Saturday, February 18, 2017

The Decorated Corpse

I'd like to take a look at City Creek Center, a major project in Salt Lake City, Utah. It represents the height of contemporary thinking in urban planning. I'd like to talk about why it does not represent legitimate, healthy urban development, but instead kills the living city, if anything remains, and then decorates the corpse so that the place may look healthy on the surface. I took the title of this post, it's worth noting, from Robert Venturi's landmark study of the vernacular architecture of Las Vegas, in which he describes the difference between 'Ducks' and 'Decorated Sheds' in the world of Architecture. In the world of urban planning, a similar dichotomy exists between decisions about the living city and creative ways to decorate the urban cadaver. After discussing this concept, I'll apply it to the particular project of City Creek Center and argue why that isn't a legitimate replacement for healthy urban development, and is likely detrimental. 
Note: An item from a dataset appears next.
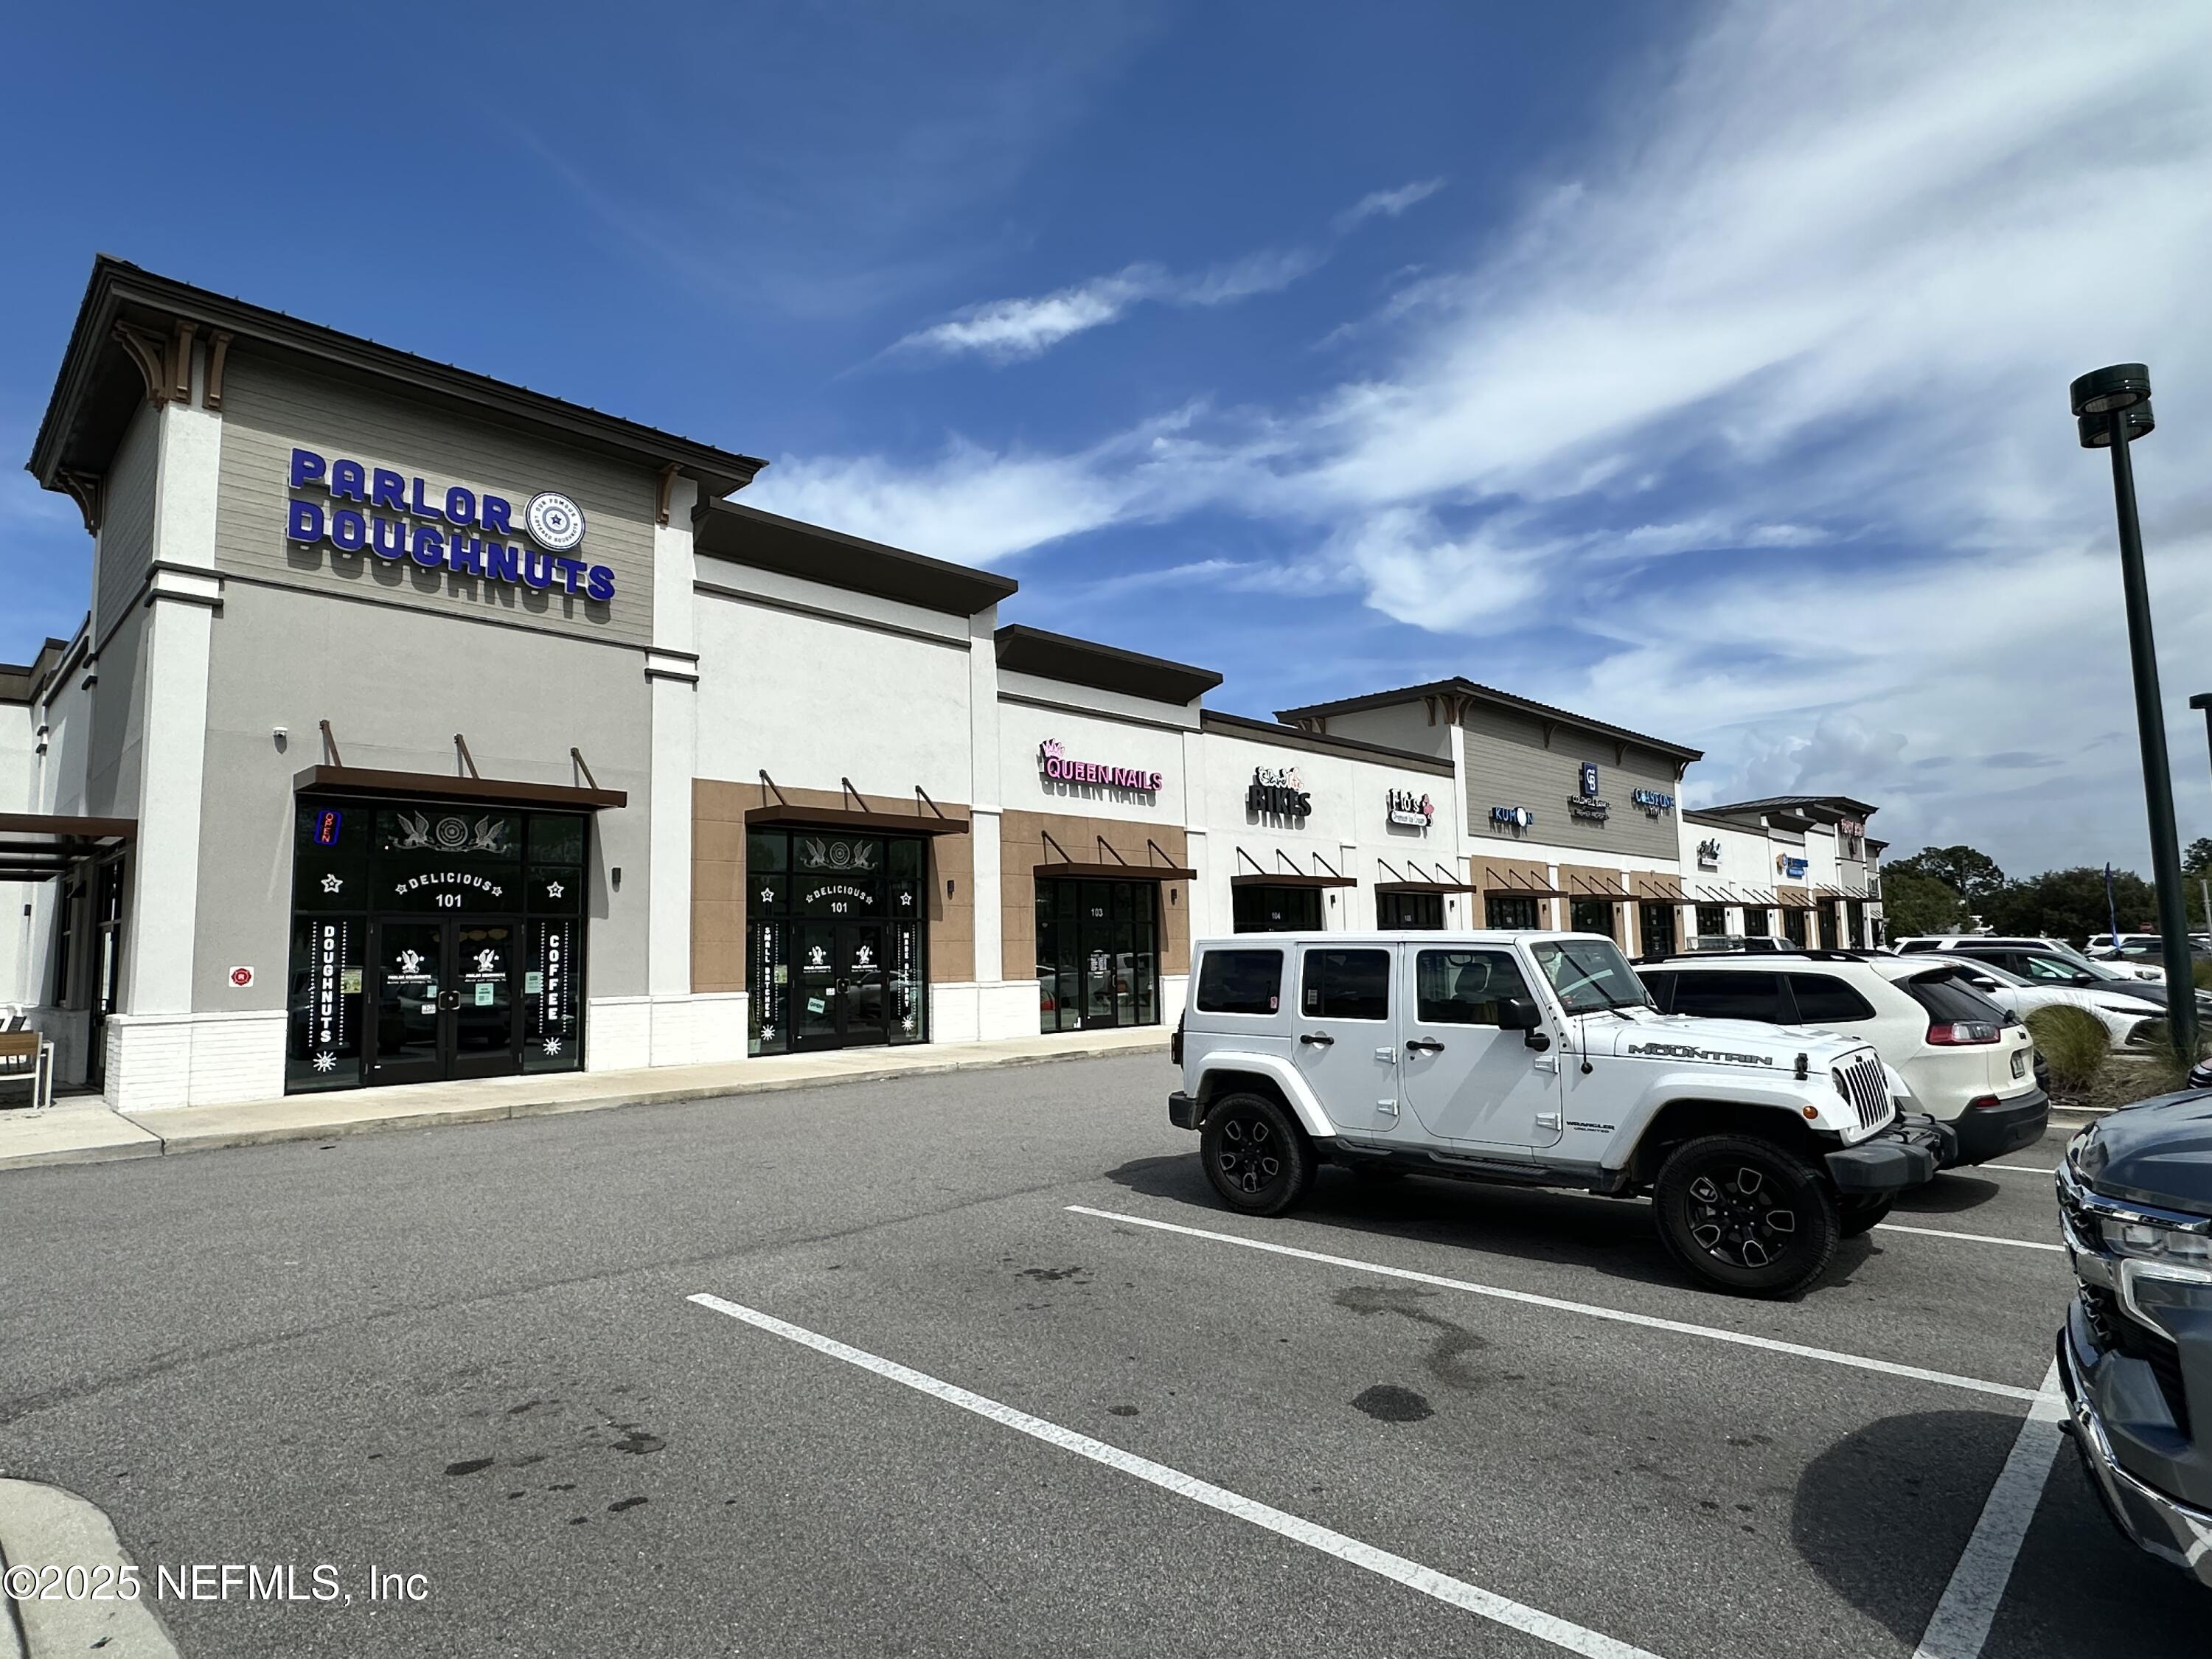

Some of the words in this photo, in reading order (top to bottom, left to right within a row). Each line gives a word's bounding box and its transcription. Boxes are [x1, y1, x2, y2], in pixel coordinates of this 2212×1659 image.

The south side entrance to City Creek Center at Richards Street. The 99 West Apartments (formerly The Promontory) are seen in the distance. ( Mangoman88)

Venturi's take on the difference between 'Ducks' and 'Decorated Sheds' is that Ducks (taken from a duck-shaped roadside stand on Long Island selling eggs) are buildings that are  designed to be specifically and only what they are. Conversion to another use would be impossible or at least quite difficult. The Decorated Shed is a building that is designed in such a way that would allow it to accommodate a wide variety of uses. It may be a clothing store today, but it may very well be a coffee shop tomorrow. One need only change the sign and the interior design. Venturi makes no judgements about this, only an observation and a note to other architects to have more respect for the decorated shed than is normally shown, considering their ubiquity and usefulness in our society and economy.

I completely agree with Venturi that we should all have more respect for the decorated shed. These are the buildings that we all live our lives in. Whether we live in them as apartment buildings and condos, or work in them as office towers and retail stores; these buildings are largely what make the city. They allow the city to function economically and socially. But I am taking only the term (the Decorated _____), not the larger concept. And I am most certainly making a value judgement. What is happening in American cities right now with mega-projects like City Creek Center (this project is certainly not alone) is that space that should be reserved for a healthy urban marketplace is instead being turned over to development companies who then decide to bulldoze the living city and replace it with a per-fabricated version of a city where low value uses don't exist and (consequently) neither do low value people. If you thought urban gentrification had negative aspects, wait till they can just skip the middle man and replace the old development with a finished product that they've deemed appropriate. And it's killing the cities we live in. If you can't tell that the city is dying, that's the point. It's a decorated corpse.